● **Assigned task**:
The data must be written out once more, precisely as given.

(Collected data)
^^^^^^^^^^^^^^^^
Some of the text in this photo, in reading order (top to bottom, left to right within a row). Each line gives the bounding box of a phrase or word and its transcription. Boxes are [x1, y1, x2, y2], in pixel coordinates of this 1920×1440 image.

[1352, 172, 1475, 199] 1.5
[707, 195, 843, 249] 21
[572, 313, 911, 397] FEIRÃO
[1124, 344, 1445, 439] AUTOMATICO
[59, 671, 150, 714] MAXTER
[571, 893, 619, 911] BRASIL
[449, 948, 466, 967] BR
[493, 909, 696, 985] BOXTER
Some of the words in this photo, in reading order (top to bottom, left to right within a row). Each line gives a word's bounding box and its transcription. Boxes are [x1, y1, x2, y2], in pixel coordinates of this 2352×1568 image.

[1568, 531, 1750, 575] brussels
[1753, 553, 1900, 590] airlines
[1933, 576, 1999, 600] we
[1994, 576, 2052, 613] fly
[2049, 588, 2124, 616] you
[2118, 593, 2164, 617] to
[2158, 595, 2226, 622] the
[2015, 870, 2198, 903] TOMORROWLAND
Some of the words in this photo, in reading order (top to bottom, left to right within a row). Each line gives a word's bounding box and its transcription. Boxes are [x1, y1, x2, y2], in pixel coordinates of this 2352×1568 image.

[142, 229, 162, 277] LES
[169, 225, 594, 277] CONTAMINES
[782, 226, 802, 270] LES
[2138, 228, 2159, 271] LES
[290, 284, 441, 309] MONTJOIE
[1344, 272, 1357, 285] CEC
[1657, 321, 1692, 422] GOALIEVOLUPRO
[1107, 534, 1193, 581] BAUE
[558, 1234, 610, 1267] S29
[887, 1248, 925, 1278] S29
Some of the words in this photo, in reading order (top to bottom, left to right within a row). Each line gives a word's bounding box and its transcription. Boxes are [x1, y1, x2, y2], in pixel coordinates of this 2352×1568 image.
^^^^^^^^^^^^^^^^
● **Result of the task**:
Some of the text in this photo, in reading order (top to bottom, left to right within a row). Each line gives the bounding box of a phrase or word and its transcription. Boxes are [x1, y1, x2, y2], in pixel coordinates of this 1920×1440 image.

[1352, 172, 1475, 199] 1.5
[707, 195, 843, 249] 21
[572, 313, 911, 397] FEIRÃO
[1124, 344, 1445, 439] AUTOMATICO
[59, 671, 150, 714] MAXTER
[571, 893, 619, 911] BRASIL
[449, 948, 466, 967] BR
[493, 909, 696, 985] BOXTER
Some of the words in this photo, in reading order (top to bottom, left to right within a row). Each line gives a word's bounding box and its transcription. Boxes are [x1, y1, x2, y2], in pixel coordinates of this 2352×1568 image.

[1568, 531, 1750, 575] brussels
[1753, 553, 1900, 590] airlines
[1933, 576, 1999, 600] we
[1994, 576, 2052, 613] fly
[2049, 588, 2124, 616] you
[2118, 593, 2164, 617] to
[2158, 595, 2226, 622] the
[2015, 870, 2198, 903] TOMORROWLAND
Some of the words in this photo, in reading order (top to bottom, left to right within a row). Each line gives a word's bounding box and its transcription. Boxes are [x1, y1, x2, y2], in pixel coordinates of this 2352×1568 image.

[142, 229, 162, 277] LES
[169, 225, 594, 277] CONTAMINES
[782, 226, 802, 270] LES
[2138, 228, 2159, 271] LES
[290, 284, 441, 309] MONTJOIE
[1344, 272, 1357, 285] CEC
[1657, 321, 1692, 422] GOALIEVOLUPRO
[1107, 534, 1193, 581] BAUE
[558, 1234, 610, 1267] S29
[887, 1248, 925, 1278] S29
Some of the words in this photo, in reading order (top to bottom, left to right within a row). Each line gives a word's bounding box and its transcription. Boxes are [x1, y1, x2, y2], in pixel coordinates of this 2352×1568 image.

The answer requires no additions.